Health boards in the north and north-east are still struggling to attract nurses despite offering generous packages.
NHS Grampian and Highland still need to find hundreds of nurses to fill vacant posts at busy hospitals across both regions.
Figures obtained through freedom of information revealed that since 2017 there has been £82,000 spent to attract 20 staff to the Highlands.
Meanwhile, in the north-east there has been £166,873 paid out but it was unclear how many workers received this cash.
However, it is understood that Grampian’s limit for relocation packages is £8,000, and based on the maximum pay-out this would mean a similar number to the Highlands.
Both boards have struggled to fill vacancies in their hospitals in recent years and the offer of the allowance is seen as one way that medics may be persuaded to relocate from the Central Belt and elsewhere in the country.

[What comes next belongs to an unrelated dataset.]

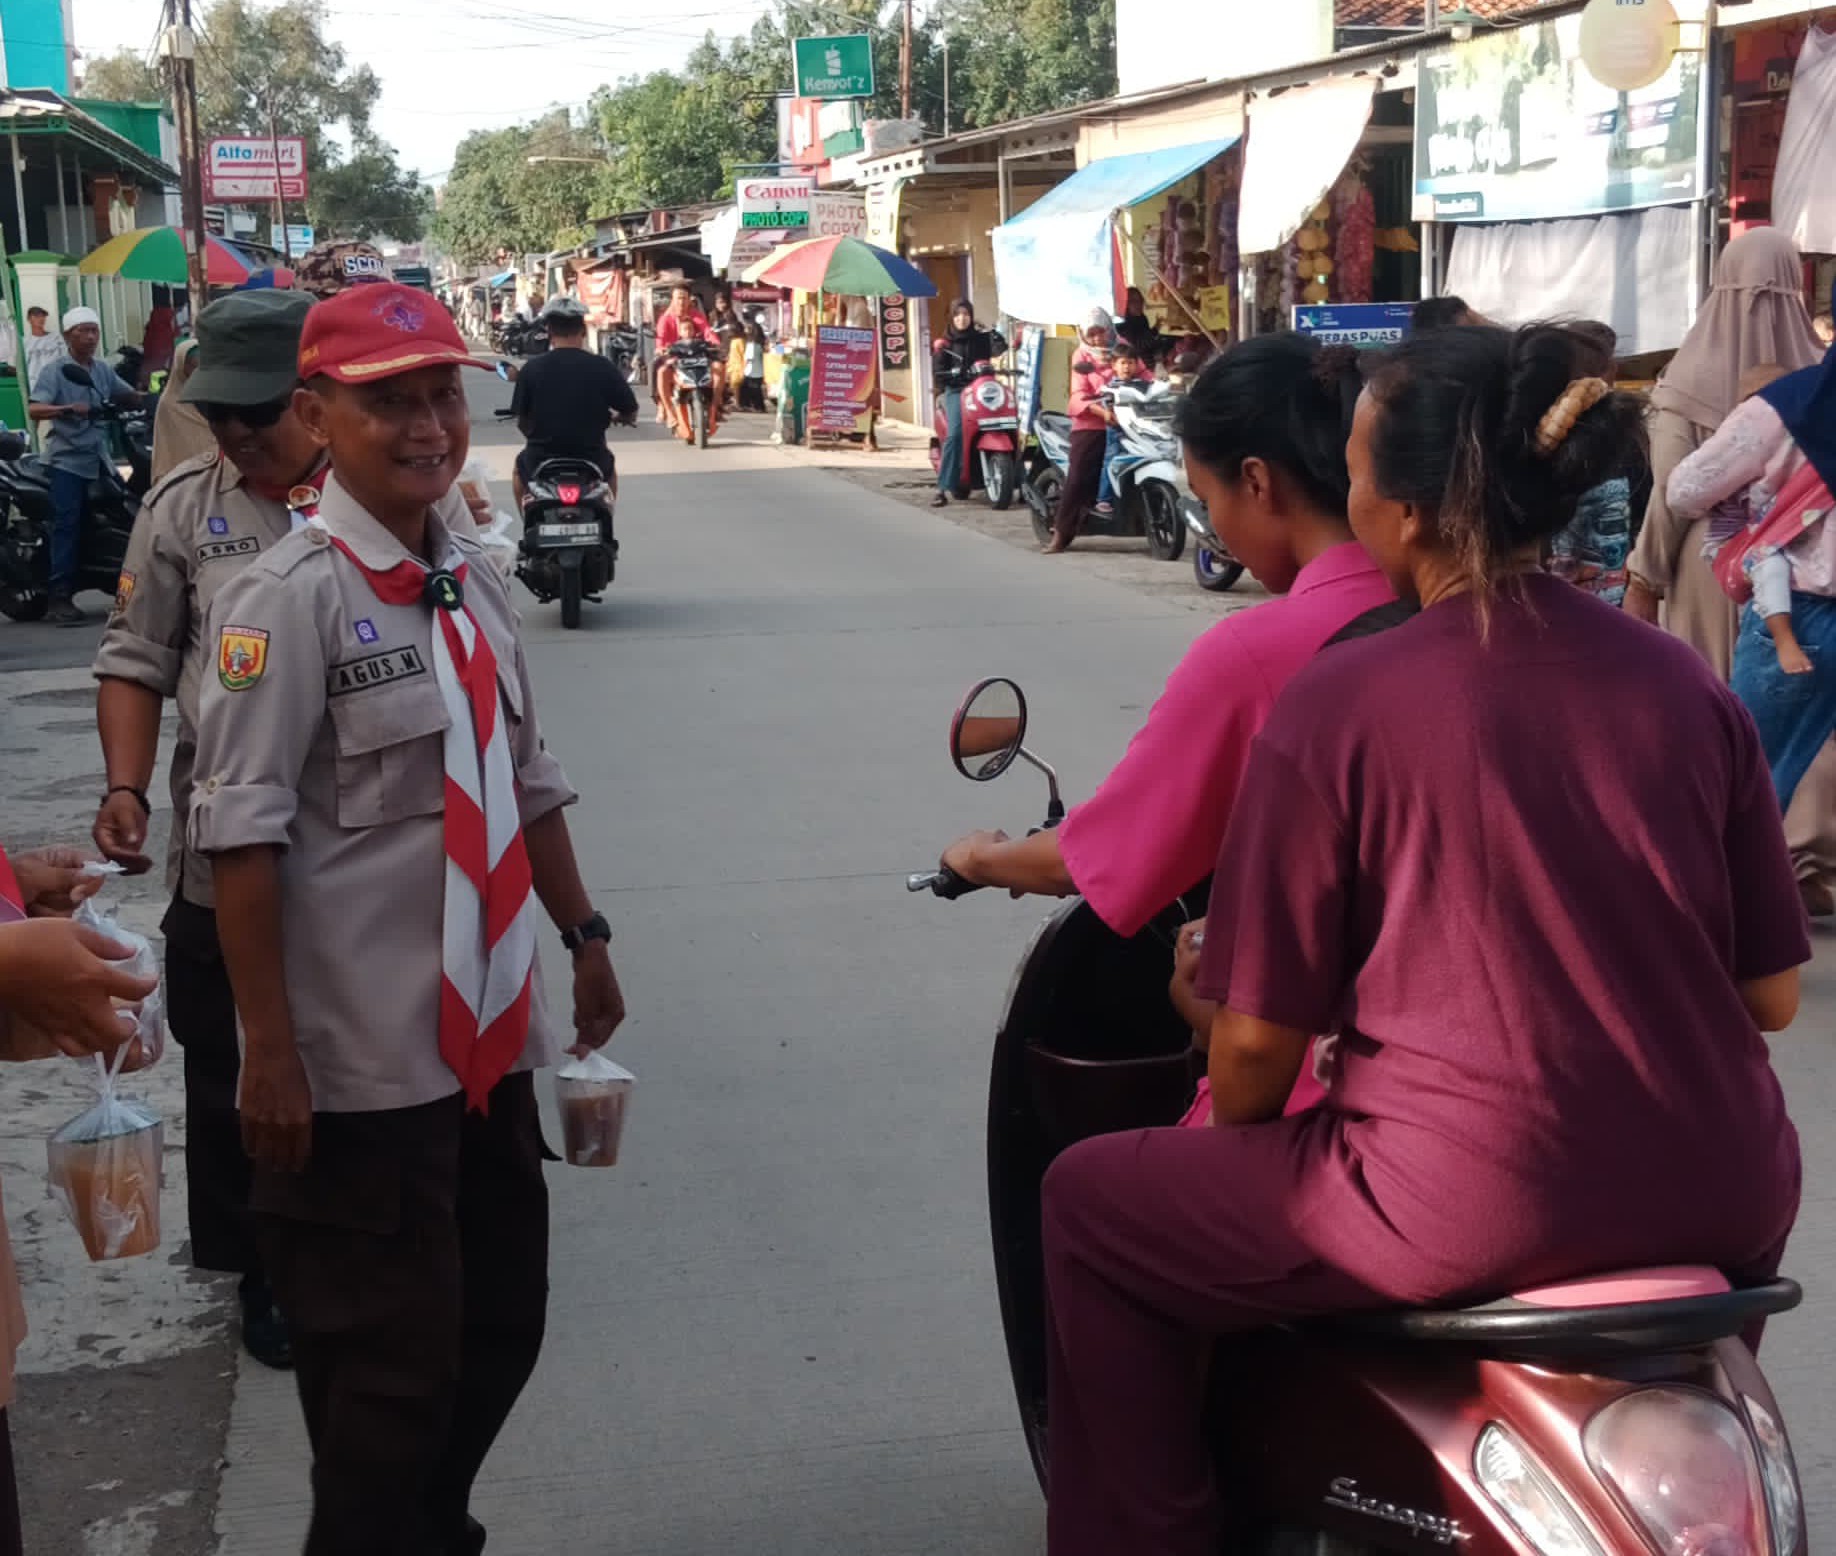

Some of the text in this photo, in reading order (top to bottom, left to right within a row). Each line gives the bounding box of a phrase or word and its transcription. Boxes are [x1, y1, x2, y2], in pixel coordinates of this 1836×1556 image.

[744, 184, 808, 199] Canon
[743, 212, 779, 227] PHOTO
[820, 221, 861, 237] COPY
[1324, 1477, 1472, 1544] Scoopy

Grampian confirmed that there were 448 vacancies within its hospitals as of the end of March, while there were 226 posts needed filled in the Highlands.

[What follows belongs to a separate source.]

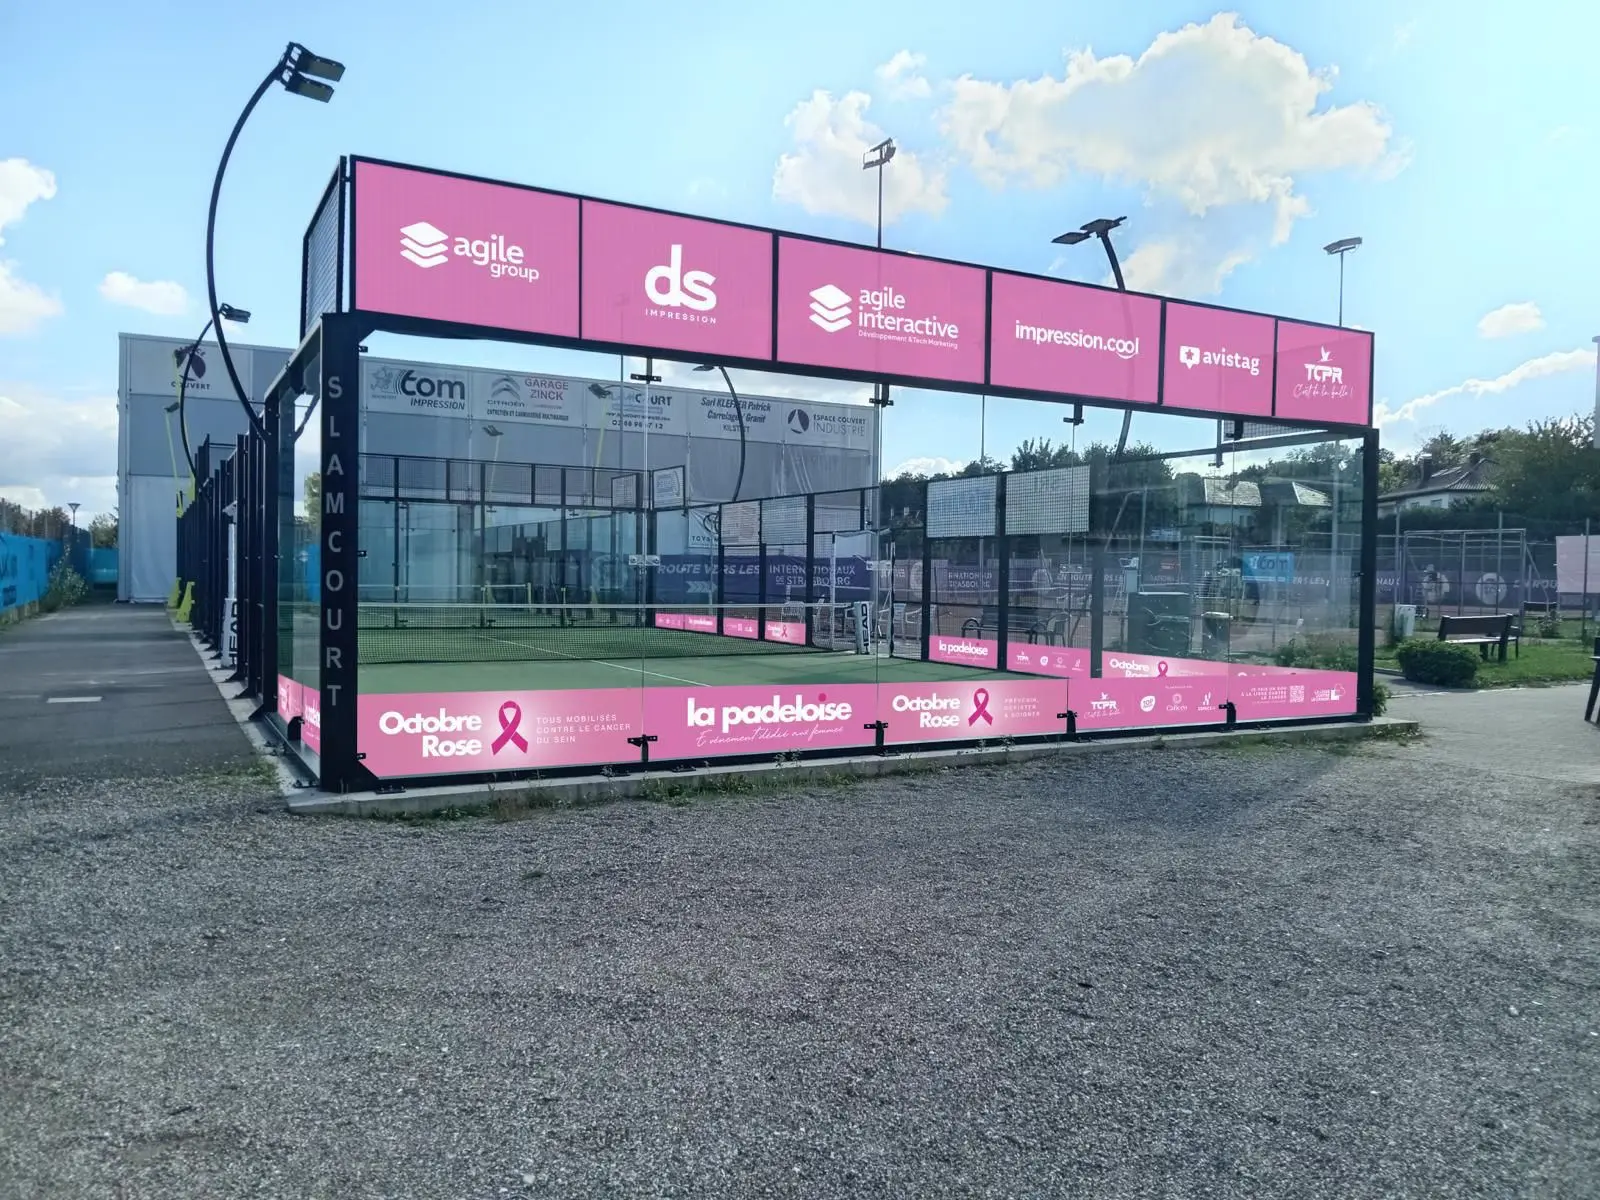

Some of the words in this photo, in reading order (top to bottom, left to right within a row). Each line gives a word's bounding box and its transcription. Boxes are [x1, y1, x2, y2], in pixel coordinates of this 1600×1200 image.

In 2011, there were just 186 nursing and midwifery vacancies in the NHS Grampian region – but by 2016, that figure had shot up to 444.
Similar recruitment and retention challenges have been faced by NHS Highland – in the health board region in 2011, there were only 33 empty nursing and midwifery positions, and by 2016 there were 186.
Last night Peter Chapman, North East MSP, called for more nurses to be trained up to ensure boards could have more homegrown recruits.
He said: “NHS Grampian is doing its best to attract nurses. Our hospitals and midwifery units are crying out for them.
“The bursary alone may help in areas which have been particularly difficult to recruit into.
“But in recent years we’ve seen a similar scheme fail to make a dent in Grampian’s shortfall of GPs.
“There needs to be action from the SNP Government to ensure that we are training enough nurses.
“They’ve had 11 years to come up with a nationwide workforce plan and have failed, so far.”
As well as direct cash incentives, NHS Grampian has carried out a number of other projects to attract nurses to live and work in the north-east.
The health board revealed a £1million investment in a fast-track training scheme for current NHS Grampian staff to become advanced nurse practitioners earlier this year.
The academic programme, run in partnership with Robert Gordon University, seeks to help nurses build on their current experience and skills to achieve advanced level academic and clinical practice in just a year, by combining their studies with placements in the workplace.
And last October, NHS Grampian revealed plans to attract nurses from 10,400 miles away in Australia.
Delegates from the struggling health board attended job fairs in Melbourne, Brisbane and Sydney to convince staff to travel across the world and work in the north-east.
A spokesman for NHS Grampian said: “On occasion, relocation expenses are offered in line with our local policy. This is standard practice. Recruitment is challenging for us throughout the Grampian region given the comparatively high cost of living and strength of the local economy. However, we are actively recruiting to a range of posts across the organisation.”
A spokesman for NHS Highlands said: “A third of all band five nursing new starts in the specified time have been offered and accepted relocation packages. This forms part of the NHS agenda for change terms and conditions.”